How to check and monitor SSL certificates expiration with Telegraf

As a developer or operator of a Website, the certificate expiration could happen and make the services not work. I’ll introduce how to monitor certificates like SSL,JKS,P12 using Telegraf.

Certificates are broadly used for security reasons, they can be used within internal service or public service communication. The most common certificate is TLS used for verifying the identity of the HTTPS service. To increase security, the certificate will not be always valid because of expiration. To prevent the certificate expiry, we should rotate them periodically and meanwhile monitor them and alert if expired. Telegraf is a popular metric collecting tool to implement this.

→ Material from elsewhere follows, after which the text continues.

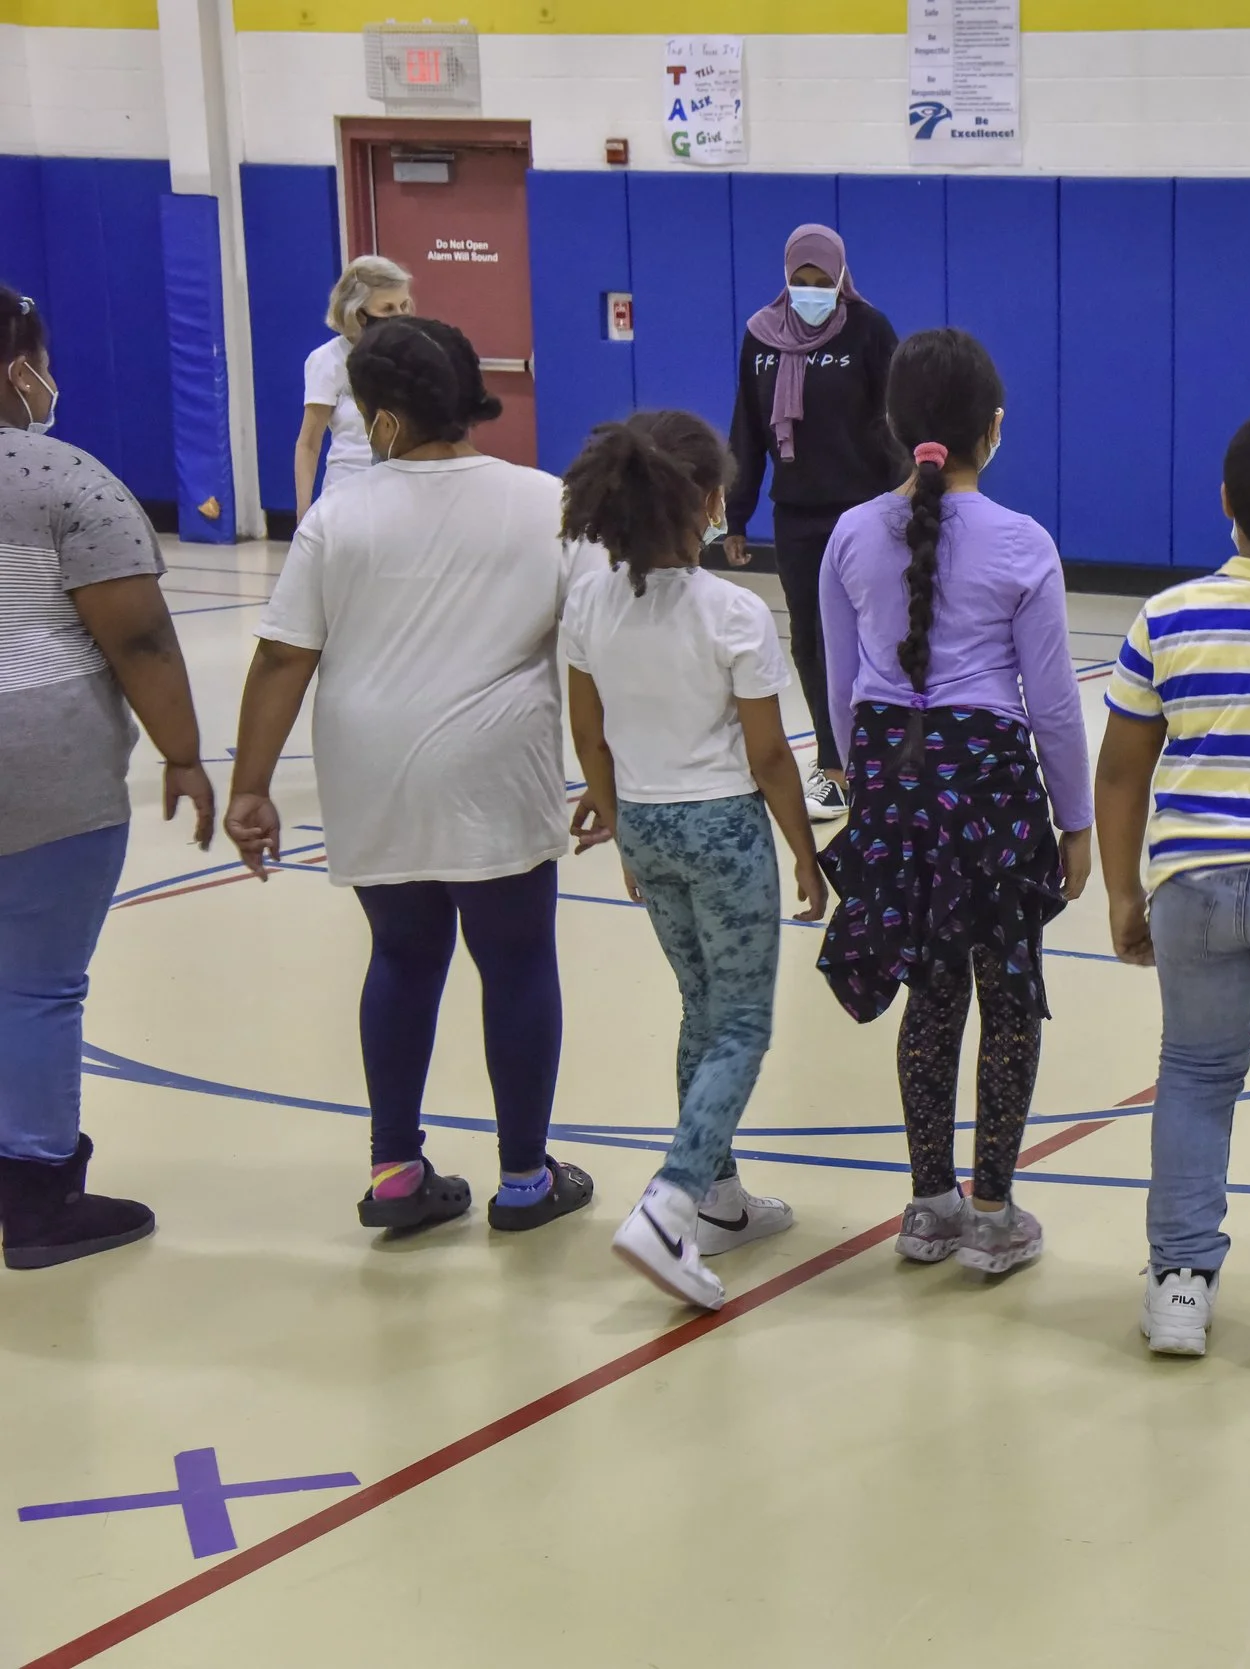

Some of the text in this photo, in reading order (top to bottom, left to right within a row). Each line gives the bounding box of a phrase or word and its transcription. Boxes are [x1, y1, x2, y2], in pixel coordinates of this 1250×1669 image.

Overview for certificate types

  1. .csr
    Certificate Signing Request used to request a certificate from the certificate authority.
  2. .pem
    This is a container format that may include just the public certificate or may include an entire certificate chain including public key, private key, and root certificates. Confusingly, it may also encode a CSR (e.g. as used here) as the PKCS10 format can be translated into PEM.
  3. .key
    This is a PEM formatted file containing just the private-key of a specific certificate and is merely a conventional name and not a standardized one.
  4. .pkcs12 .pfx .p12
    This is a passworded container format that contains both public and private certificate pairs. Unlike .pem files, this container is fully encrypted. Openssl can turn this into a .pem file with both public and private keys.
  5. .cert .cer .crt
    A .pem (or rarely .der) formatted file with a different extension, one that is recognized by Windows Explorer as a certificate, which .pem is not.
  6. .jks
    A Java KeyStore (JKS) is a repository of security certificates – either authorization certificates or public key certificates – plus corresponding private keys, used for instance in SSL encryption.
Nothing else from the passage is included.